From the images presented in Fig. 11, it could be concluded that the short self-ignition delay occurs for the injection of F2 fuel, regardless of injection pressure and amount of fuel dose. In case of this fuel, a higher injection pressure and a smaller fuel dose result in shortening the self-ignition delay by 0.2 ms. Lower fuel pressures in case of F3 fuel cause the highest delay values and the lowest flame development dynamics.

Similar conditions were observed for increased fuel pressure. That is, the high content of petrol significantly reduces the concentration of fuel in sprays, however, and does not allow for shortening the self-ignition delay. These properties arise from the opposite properties of fuels characterized by cetane or octane numbers.

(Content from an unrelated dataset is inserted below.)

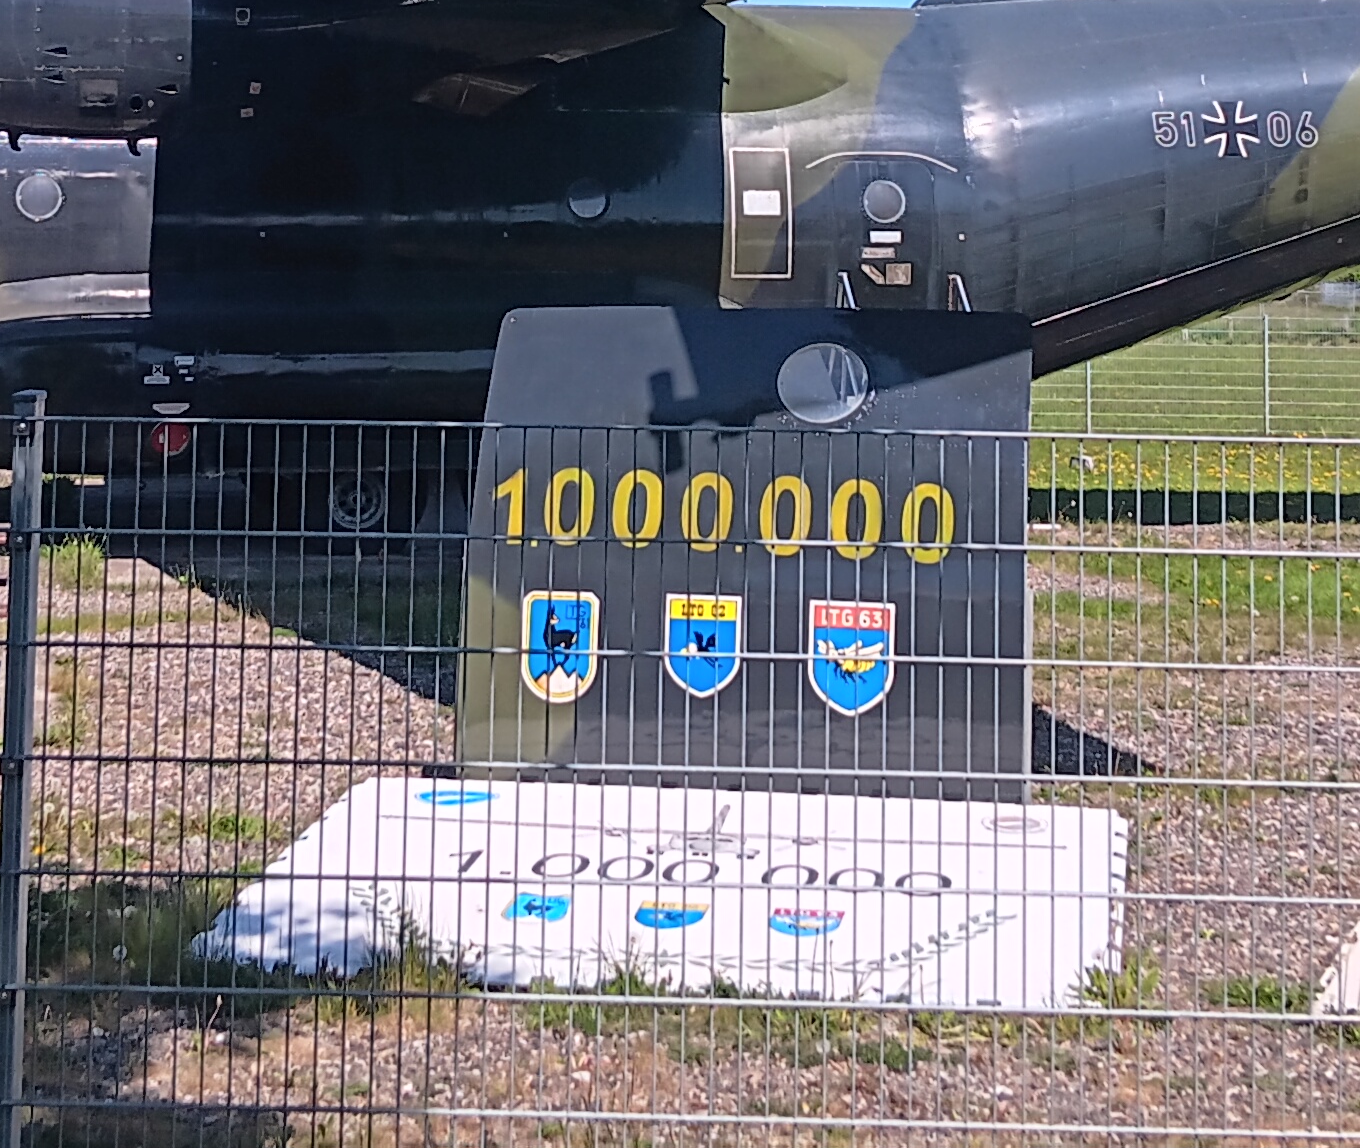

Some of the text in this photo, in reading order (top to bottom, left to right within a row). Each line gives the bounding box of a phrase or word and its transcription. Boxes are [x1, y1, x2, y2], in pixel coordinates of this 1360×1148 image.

Easy flammability conditions are confirmed in the earlier tests of F2 fuel. However, the cross-sectional and longitudinal analyses of sprays do not indicate clearly to the lower fuel concentration in the core planes (Fig. 6 and 7). For this reason, it might be declared that a mixture of diesel fuel with ethanol is a mixture with low self-ignition delay values, and thus, it is possible to get bigger engine speeds because of shorter duration of combustion. Quick evaporation of ethanol promotes low particulates and hydrocarbon emissions. The 30 % content of DEE in the fuel does not influence significantly on the reduction of self-ignition delay in relation to fuel F2. Analysis of images from Fig. 11 suggests that self-ignition spots occur when fuel sprays are still visible. In the case of F2 fuel, the ignition delay time is the same (1.6 ms), but the fuel in sprays has already evaporated (no lighting of sprays by appearing light-emitting flame).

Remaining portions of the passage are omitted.